Bournemouth (Inglaterra) febrero 2011
Paseaba cogido de la mano a un sueño. Sujeto a un
garabato trazado en el aire. Caminaba, abrazado a lo que sólo era una
silueta imaginada. Y cada día, en el mismo instante, surgía el sol como
cáscara de naranja, en el mismo lugar, a lo lejos, amarilleando azules
apenas diferentes, allí donde la vista alcanza y confunde una línea
intangible que siempre se torna en horizonte. Paseaba siempre con las
primeras luces de la mañana. Acunando la luna llena. Un lunes. Un día
donde comienza casi todo. Paseaba, huella a huella desgranando la arena
de la playa en huecos donde la espuma rizada de las aguas llega, llena,
plena. Caminaba sorteando los perfiles del agua. Descalzo. Y girado
frente al horizonte rojo, cada vez más aloque y menos melón, sonreía. E
iniciaba entonces un lento camino hacia el mar, desvestido de tristeza. E
inundándose de plenitud, braceaba hacia un horizonte cada vez más
alejado en sol creciente. Sorteando vacilaciones y medusas. Transitaba
cada amanecer la soledad de un paisaje vacío, que iba poblando de
imágenes sugeridas. En el silencio quebrado por el ir y venir del mar.

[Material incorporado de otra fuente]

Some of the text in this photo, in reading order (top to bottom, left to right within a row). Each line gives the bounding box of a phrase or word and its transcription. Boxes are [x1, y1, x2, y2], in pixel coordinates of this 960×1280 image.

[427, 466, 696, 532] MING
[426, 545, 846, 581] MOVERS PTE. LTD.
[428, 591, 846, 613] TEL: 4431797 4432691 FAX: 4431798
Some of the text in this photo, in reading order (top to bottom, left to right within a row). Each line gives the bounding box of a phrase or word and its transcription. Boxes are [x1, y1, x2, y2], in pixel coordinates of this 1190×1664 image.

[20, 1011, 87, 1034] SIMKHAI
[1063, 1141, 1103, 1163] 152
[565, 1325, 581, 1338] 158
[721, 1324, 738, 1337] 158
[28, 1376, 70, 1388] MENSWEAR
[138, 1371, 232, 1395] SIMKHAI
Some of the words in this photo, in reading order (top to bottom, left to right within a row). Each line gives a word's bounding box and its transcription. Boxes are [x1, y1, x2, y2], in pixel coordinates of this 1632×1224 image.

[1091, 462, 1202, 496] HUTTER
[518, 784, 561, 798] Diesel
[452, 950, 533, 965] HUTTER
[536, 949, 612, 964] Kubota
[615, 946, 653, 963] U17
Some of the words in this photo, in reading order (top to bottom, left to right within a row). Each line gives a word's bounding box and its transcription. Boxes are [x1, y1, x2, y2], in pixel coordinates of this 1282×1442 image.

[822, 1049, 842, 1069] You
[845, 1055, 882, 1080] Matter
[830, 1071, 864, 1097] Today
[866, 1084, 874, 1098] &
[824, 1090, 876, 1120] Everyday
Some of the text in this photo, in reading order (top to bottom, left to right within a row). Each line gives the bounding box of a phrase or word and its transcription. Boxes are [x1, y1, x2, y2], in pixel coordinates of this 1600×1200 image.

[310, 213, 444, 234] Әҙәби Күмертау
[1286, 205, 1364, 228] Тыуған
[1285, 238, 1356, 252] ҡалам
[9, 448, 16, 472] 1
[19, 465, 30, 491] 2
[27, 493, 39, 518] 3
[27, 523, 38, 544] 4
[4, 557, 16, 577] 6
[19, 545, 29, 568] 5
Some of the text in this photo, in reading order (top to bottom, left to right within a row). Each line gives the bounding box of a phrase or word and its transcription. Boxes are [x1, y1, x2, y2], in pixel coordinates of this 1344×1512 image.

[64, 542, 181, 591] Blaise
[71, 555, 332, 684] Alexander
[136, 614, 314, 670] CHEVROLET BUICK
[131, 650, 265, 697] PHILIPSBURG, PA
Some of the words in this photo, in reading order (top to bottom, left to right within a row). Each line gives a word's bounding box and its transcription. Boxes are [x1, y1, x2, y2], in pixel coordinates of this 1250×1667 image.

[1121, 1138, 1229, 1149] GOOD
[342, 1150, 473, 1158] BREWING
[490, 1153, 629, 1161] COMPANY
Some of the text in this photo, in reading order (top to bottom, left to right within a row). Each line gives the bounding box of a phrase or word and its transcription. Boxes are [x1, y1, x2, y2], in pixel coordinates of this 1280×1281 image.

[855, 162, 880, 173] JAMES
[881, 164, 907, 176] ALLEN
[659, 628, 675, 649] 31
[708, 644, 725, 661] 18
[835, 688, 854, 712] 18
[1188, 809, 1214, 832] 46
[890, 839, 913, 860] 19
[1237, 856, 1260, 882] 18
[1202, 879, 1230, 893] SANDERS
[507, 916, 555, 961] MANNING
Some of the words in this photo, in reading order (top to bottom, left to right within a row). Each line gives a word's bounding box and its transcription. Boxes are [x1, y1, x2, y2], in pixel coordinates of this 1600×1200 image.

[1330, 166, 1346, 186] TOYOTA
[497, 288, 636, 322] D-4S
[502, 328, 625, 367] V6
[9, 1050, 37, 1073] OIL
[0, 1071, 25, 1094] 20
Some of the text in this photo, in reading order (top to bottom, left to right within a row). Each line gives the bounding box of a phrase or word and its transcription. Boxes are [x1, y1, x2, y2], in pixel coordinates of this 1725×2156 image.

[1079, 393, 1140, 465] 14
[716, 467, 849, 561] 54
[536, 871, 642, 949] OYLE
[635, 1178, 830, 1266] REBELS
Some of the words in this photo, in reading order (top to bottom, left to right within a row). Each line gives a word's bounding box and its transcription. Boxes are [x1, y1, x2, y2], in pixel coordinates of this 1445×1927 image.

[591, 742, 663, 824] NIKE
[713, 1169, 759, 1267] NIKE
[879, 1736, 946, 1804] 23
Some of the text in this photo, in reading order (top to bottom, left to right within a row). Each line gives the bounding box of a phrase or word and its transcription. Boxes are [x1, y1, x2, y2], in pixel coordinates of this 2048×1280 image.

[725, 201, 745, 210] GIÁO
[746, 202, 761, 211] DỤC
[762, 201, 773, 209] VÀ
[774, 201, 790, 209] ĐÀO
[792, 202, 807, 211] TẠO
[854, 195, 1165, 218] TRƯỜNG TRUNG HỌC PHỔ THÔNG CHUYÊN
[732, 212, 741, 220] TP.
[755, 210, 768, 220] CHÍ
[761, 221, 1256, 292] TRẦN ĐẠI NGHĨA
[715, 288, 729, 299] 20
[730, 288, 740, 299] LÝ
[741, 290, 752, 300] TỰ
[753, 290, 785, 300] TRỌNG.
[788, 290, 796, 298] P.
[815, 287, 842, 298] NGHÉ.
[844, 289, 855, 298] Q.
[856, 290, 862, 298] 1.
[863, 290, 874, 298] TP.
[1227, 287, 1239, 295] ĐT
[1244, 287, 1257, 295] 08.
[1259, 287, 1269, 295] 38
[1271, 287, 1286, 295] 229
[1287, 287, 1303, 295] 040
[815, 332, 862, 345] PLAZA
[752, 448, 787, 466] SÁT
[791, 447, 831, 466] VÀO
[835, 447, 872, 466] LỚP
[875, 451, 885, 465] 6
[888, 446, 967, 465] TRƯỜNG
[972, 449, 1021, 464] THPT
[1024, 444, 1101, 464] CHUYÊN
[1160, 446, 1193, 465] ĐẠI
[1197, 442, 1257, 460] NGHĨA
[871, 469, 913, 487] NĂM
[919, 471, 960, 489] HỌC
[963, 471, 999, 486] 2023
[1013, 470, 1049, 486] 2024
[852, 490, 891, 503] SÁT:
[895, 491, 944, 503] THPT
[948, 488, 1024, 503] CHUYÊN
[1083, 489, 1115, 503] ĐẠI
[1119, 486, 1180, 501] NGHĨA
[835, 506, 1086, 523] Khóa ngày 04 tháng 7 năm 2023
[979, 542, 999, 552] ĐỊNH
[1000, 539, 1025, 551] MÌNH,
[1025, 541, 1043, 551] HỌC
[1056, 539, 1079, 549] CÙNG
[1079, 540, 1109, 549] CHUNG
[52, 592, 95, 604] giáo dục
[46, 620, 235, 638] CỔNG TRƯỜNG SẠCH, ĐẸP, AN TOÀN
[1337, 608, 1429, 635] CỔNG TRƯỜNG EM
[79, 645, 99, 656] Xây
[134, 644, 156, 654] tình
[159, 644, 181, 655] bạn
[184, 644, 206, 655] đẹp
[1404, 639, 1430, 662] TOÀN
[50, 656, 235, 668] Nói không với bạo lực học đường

Tan cerca y tan lejos. Murmullo de arena arrastrada. Caminaba por
caminar, beso a beso con el aire calmo de las amanecidas, auroras
abiertas a la luz. Sombra ida a su lado.
Mike Olfield. The inner child.
Con la soledad en el hombro y la sonrisa, a media vela, resbalada en un costado, Y la canción del mar, acunándole también. Saludaba con los ojos despiertos a los colores nacientes. A los contornos imprecisos. A las brisas que se detenían en las humedades de su rostro. Paseaba con las manos en los bolsillos, con una lentitud pasmosa, pisando firme la arena y hundiendo el bajorrelieve de sus pies, tan pronto llenos de agua y sal. Tarareaba músicas inventadas y reproducía en sus pupilas centenares de paisajes revividos en su tiempo yermo. Sacaba a correr su miopía y trenzaba su paso en las algas abandonadas por la bajamar. Sin cruzar sus pasos con nadie. Todo azul, virado a gris en los días de plomo. Y respiraba el aire limpio, el primer aire del día. Y llegaba a desandar lo recién andado, haciendo círculos alrededor de los abandonos de la mar. Conchas de nácar vacías de vida. Diminutas piedras que venían rodando desde el este, mil a mil los años transcurridos. Y las algas, siempre, enredadas como pequeños diablos en sus tobillos. Jugaba al solitario con los recuerdos y de cuando en vez, dibujaba en la arena anocheceres con su dedo índice. Era un tipo raro, al que le sobraban horas en el día y faltaban minutos para los ensueños diurnos.